This sloppy document would be laughable if it were not from the most consequential US health organization to the Congress of the United States. If I were supervising a trainee on a project, and if that trainee produced a document of this sort, I would seriously consider removing them from the project. We should expect better from the leadership of our most critical governmental organizations.
This was not the first or last time HHS exhibited sloppy scholarship.
The MAHA Report
On Feb 13, 2025 President Trump issued Executive Order 14212. The report instructed the Make America Health Again (MAHA) Commission to deliver a Make Our Children Healthy Again Assessment.
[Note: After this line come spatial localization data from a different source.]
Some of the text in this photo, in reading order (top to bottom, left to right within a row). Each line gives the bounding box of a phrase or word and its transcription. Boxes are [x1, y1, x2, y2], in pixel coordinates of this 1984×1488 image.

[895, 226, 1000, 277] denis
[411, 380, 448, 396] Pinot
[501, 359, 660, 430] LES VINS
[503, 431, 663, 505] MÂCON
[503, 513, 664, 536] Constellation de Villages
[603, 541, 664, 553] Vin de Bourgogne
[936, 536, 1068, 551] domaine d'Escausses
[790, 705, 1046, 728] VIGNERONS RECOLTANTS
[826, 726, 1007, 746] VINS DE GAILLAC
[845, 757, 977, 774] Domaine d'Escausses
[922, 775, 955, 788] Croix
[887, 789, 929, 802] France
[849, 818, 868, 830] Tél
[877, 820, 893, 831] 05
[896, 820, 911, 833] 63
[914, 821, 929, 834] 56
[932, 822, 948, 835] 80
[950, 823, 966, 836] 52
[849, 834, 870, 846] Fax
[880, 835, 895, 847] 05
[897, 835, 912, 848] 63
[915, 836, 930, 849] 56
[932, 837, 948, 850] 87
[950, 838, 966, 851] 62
The report was to focus on childhood illness in the US, specifying certain subjects for inquiry, and to deliver the report within 100 days.
The MAHA Commission, chaired by RFK Jr. delivered the report (often referred to as the “MAHA Report”) on May 22, 2025, It was a 78-page report with over 500 references. News outlets quickly discovered troubling errors and irregularities in the report. There were 7 references to non-existent papers. Thirty-seven of the references were entered multiple times. There were numerous misrepresentations of the results of citations. Authors of cited papers note that their papers were inaccurately represented. Some of the references had the strange text string “oaicite” in the URL’s.
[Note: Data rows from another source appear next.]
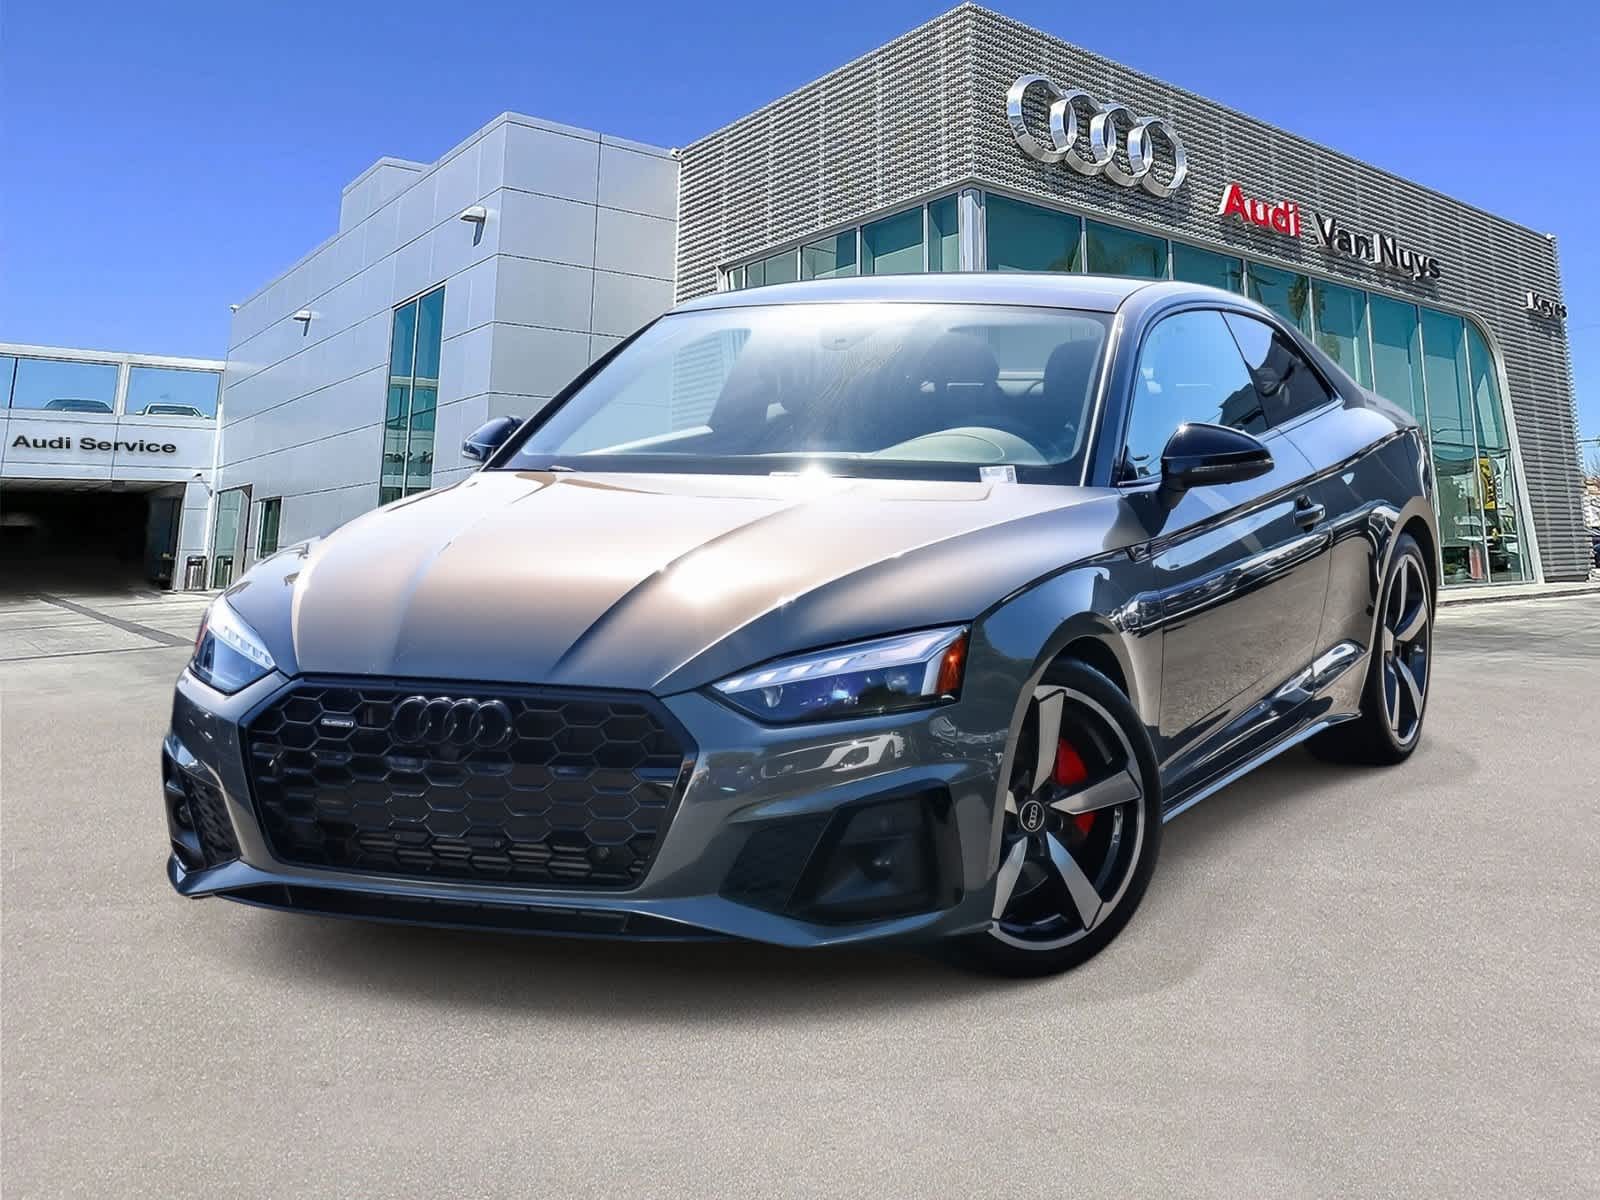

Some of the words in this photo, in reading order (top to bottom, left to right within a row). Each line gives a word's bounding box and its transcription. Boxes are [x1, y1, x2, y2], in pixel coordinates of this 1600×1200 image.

[1218, 181, 1302, 238] Audi
[1311, 212, 1370, 259] Van
[1373, 233, 1442, 280] Nuys
[12, 434, 72, 450] Audi
[80, 437, 177, 454] Service
In general, the MAHA reaches conclusions consonant with RFK Jr.’s long espoused beliefs and was a dream-come-true for health influencers. The libertarian think-tank CATO institute posted a critique entitled: Premade Conclusions, Post-Hoc Data: The Problem with the MAHA Report. which concludes thusly:
Good public health policy demands humility, precision, and honesty—especially when the stakes are high. The MAHA Report offers none of these. If we want to build a healthier future for our children, we must resist the temptation of prepackaged conclusions and demand evidence-driven thinking, not ideology in disguise. When the government controls both the research agenda and the health advice, it risks turning scientific inquiry into propaganda and personal health into political theater.
How could this happen?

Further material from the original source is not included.